Restate the last part of the records below word for word, beginning at the line with "this 2436×1398 image." and ending at the final line.

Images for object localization

####################

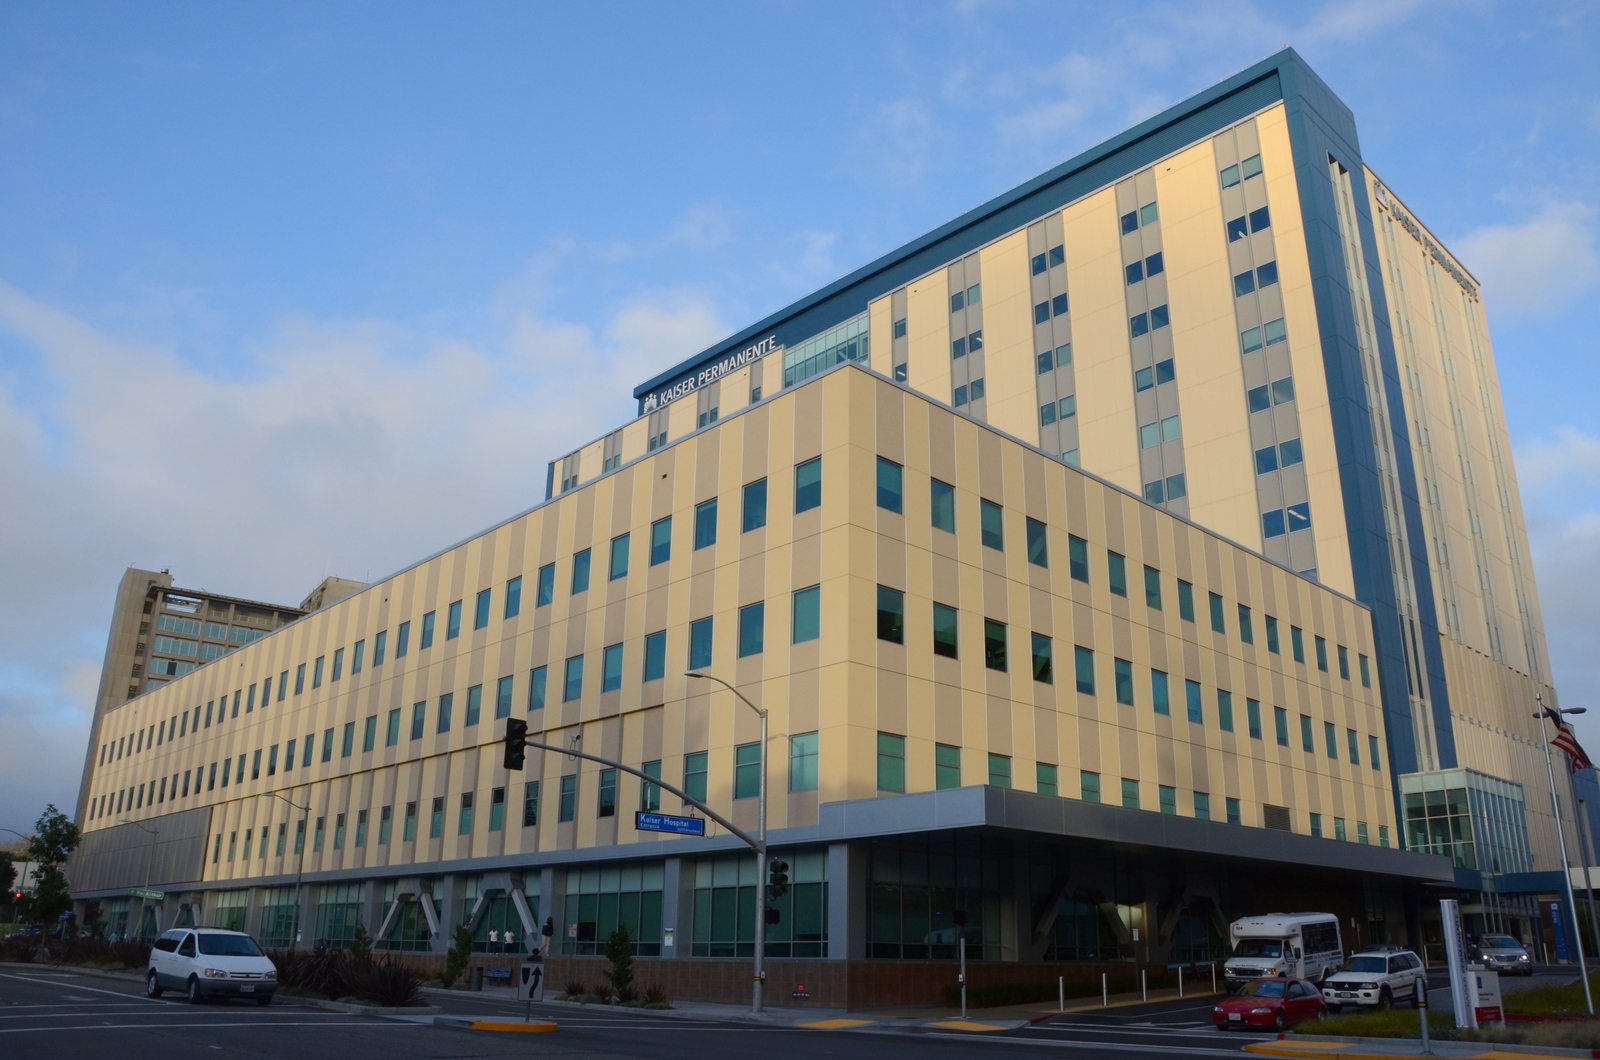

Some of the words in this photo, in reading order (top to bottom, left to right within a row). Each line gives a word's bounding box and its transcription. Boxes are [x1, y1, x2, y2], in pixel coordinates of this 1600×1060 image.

[660, 377, 695, 405] KAISER
[698, 334, 776, 385] PERMANENTE
[640, 814, 661, 824] Kaiser
[663, 816, 689, 827] Hospital
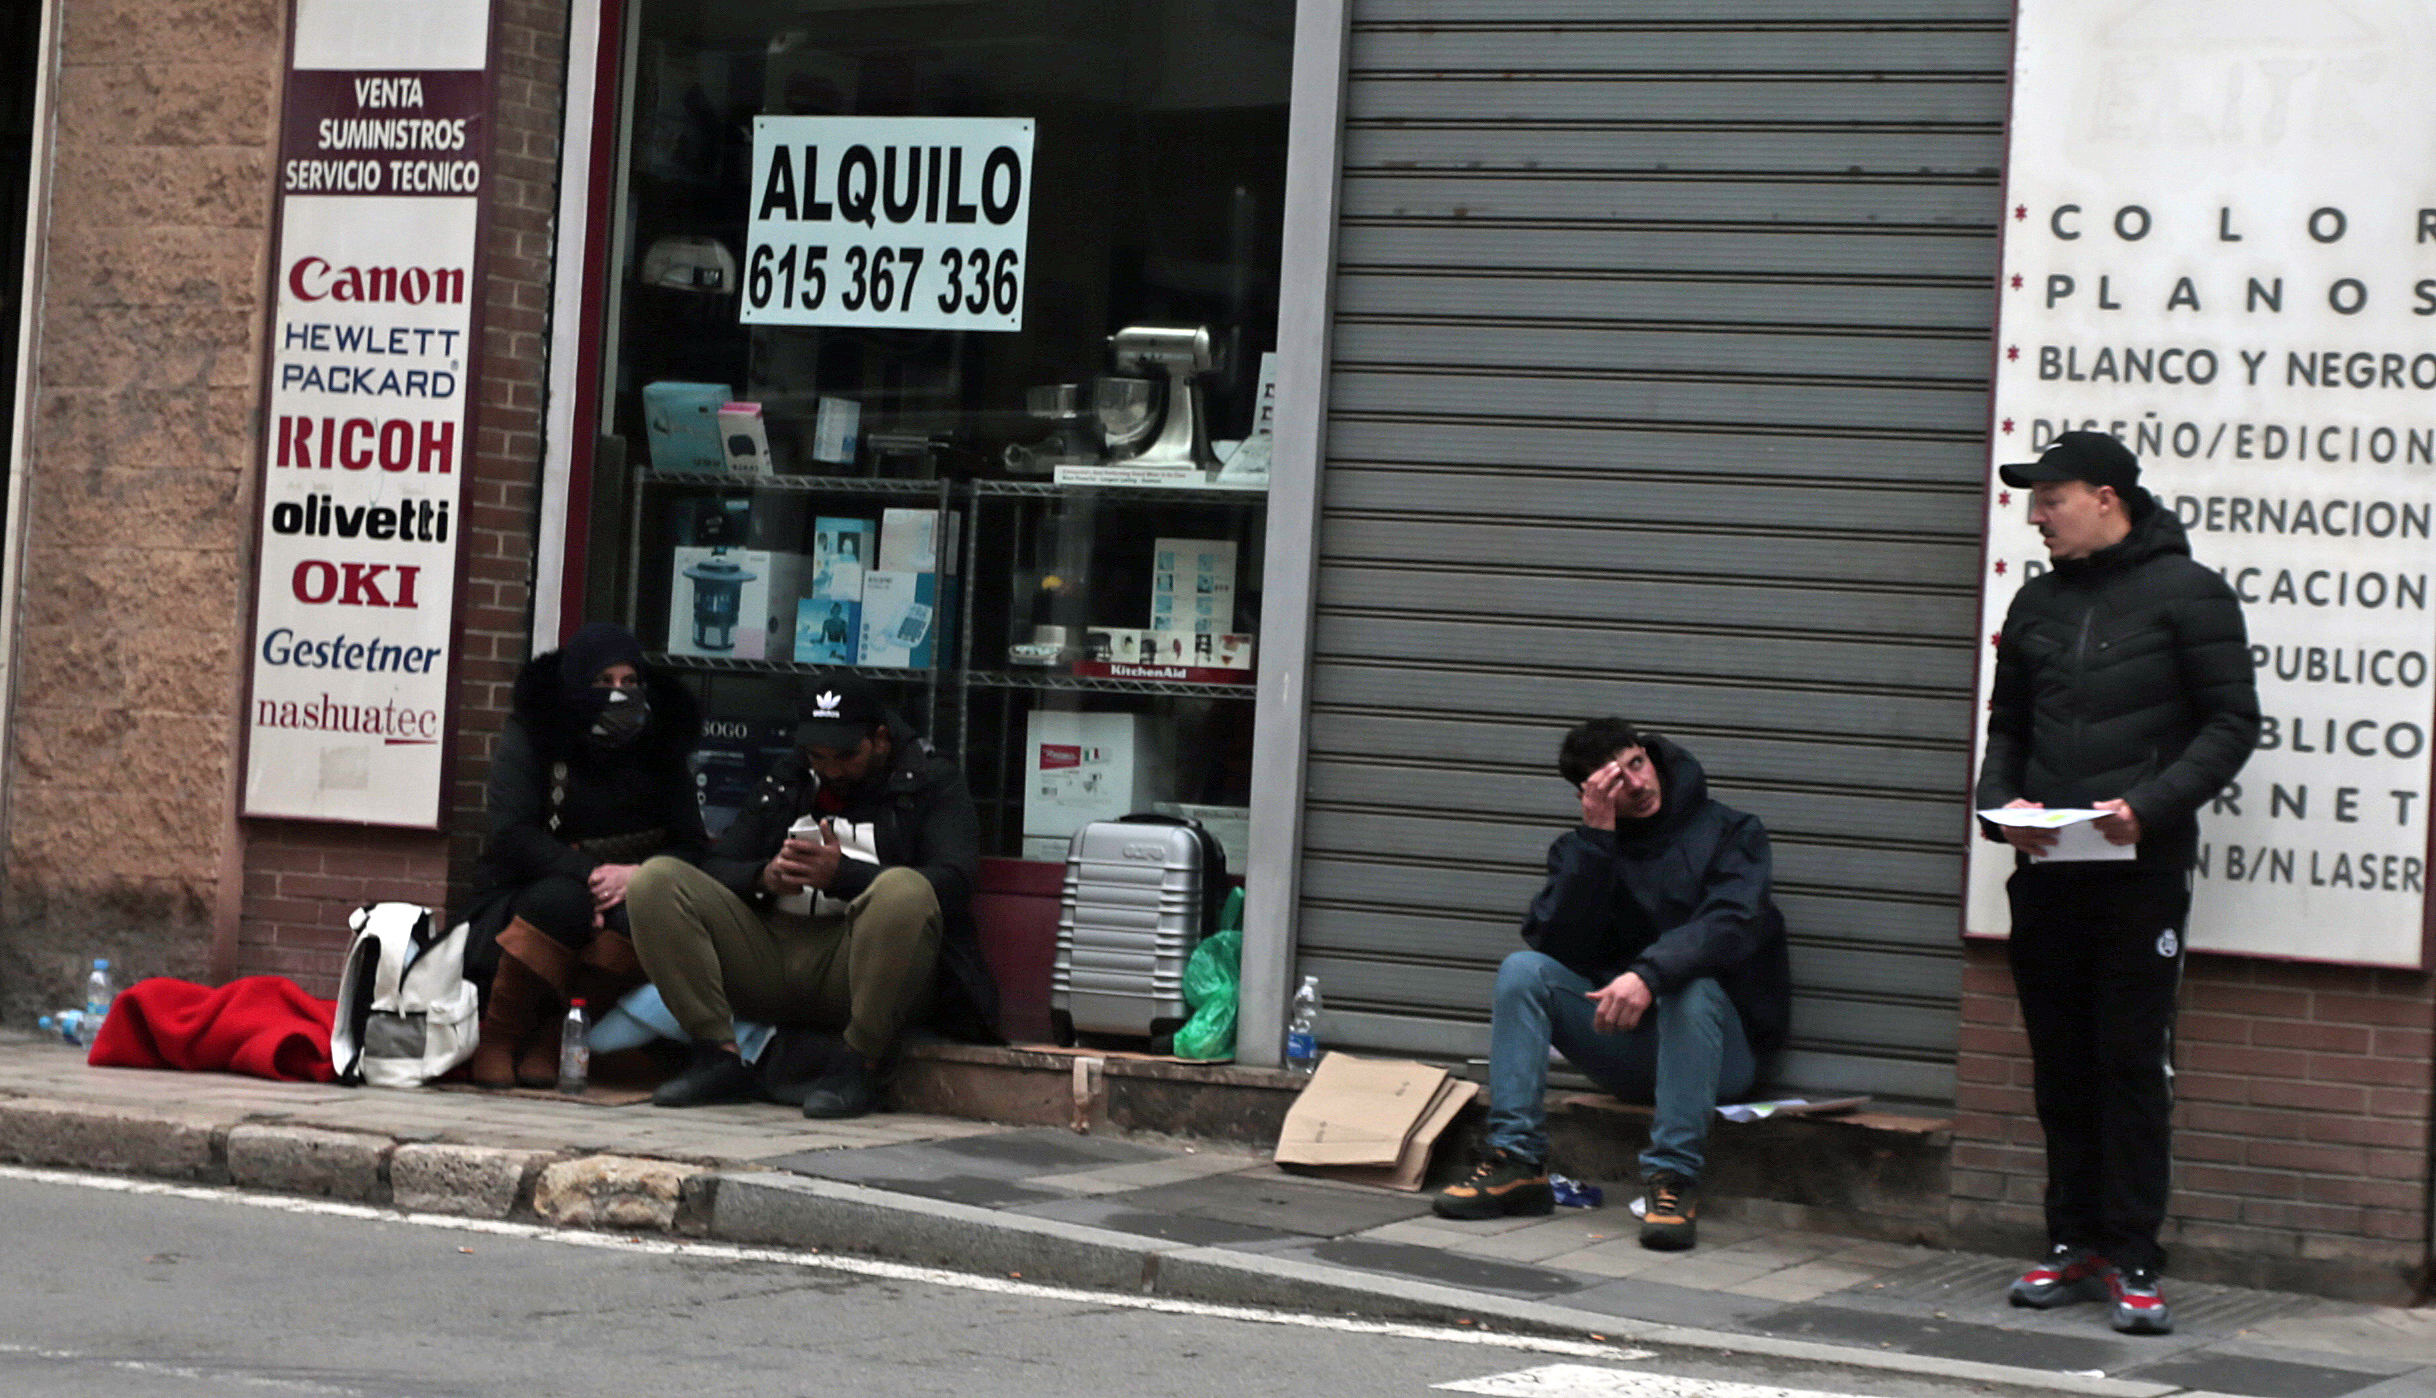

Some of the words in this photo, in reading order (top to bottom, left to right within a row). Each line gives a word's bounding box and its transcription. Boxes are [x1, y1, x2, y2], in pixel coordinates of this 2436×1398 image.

[354, 77, 424, 108] VENTA
[318, 118, 466, 151] SUMINISTROS
[285, 159, 382, 191] SERVICIO
[389, 160, 480, 192] TECNICO
[758, 144, 1022, 230] ALQUILO
[288, 256, 465, 306] Canon
[748, 243, 828, 310] 615
[841, 245, 924, 312] 367
[937, 247, 1019, 316] 336
[2046, 274, 2436, 317] PLANOS
[285, 322, 460, 357] HEWLETT
[281, 363, 456, 399] PACKARD
[2038, 345, 2218, 386] BLANCO
[2240, 350, 2267, 386] Y
[2286, 351, 2436, 391] NEGRO
[276, 415, 455, 474] RICOH
[271, 493, 449, 543] olivetti
[2152, 494, 2431, 539] DERNACION
[291, 559, 421, 609] OKI
[262, 628, 442, 674] Gestetner
[2251, 643, 2427, 688] PUBLICO
[256, 693, 437, 740] nashuatec
[2256, 716, 2424, 759] BLICO
[2212, 781, 2418, 826] RNET
[2225, 844, 2295, 884] B/N
[2310, 850, 2423, 894] LASER

####################

- _SOLUTION TO THIS EXERCISE_:
Some of the words in this photo, in reading order (top to bottom, left to right within a row). Each line gives a word's bounding box and its transcription. Boxes are [x1, y1, x2, y2], in pixel coordinates of this 2436×1398 image.

[354, 77, 424, 108] VENTA
[318, 118, 466, 151] SUMINISTROS
[285, 159, 382, 191] SERVICIO
[389, 160, 480, 192] TECNICO
[758, 144, 1022, 230] ALQUILO
[288, 256, 465, 306] Canon
[748, 243, 828, 310] 615
[841, 245, 924, 312] 367
[937, 247, 1019, 316] 336
[2046, 274, 2436, 317] PLANOS
[285, 322, 460, 357] HEWLETT
[281, 363, 456, 399] PACKARD
[2038, 345, 2218, 386] BLANCO
[2240, 350, 2267, 386] Y
[2286, 351, 2436, 391] NEGRO
[276, 415, 455, 474] RICOH
[271, 493, 449, 543] olivetti
[2152, 494, 2431, 539] DERNACION
[291, 559, 421, 609] OKI
[262, 628, 442, 674] Gestetner
[2251, 643, 2427, 688] PUBLICO
[256, 693, 437, 740] nashuatec
[2256, 716, 2424, 759] BLICO
[2212, 781, 2418, 826] RNET
[2225, 844, 2295, 884] B/N
[2310, 850, 2423, 894] LASER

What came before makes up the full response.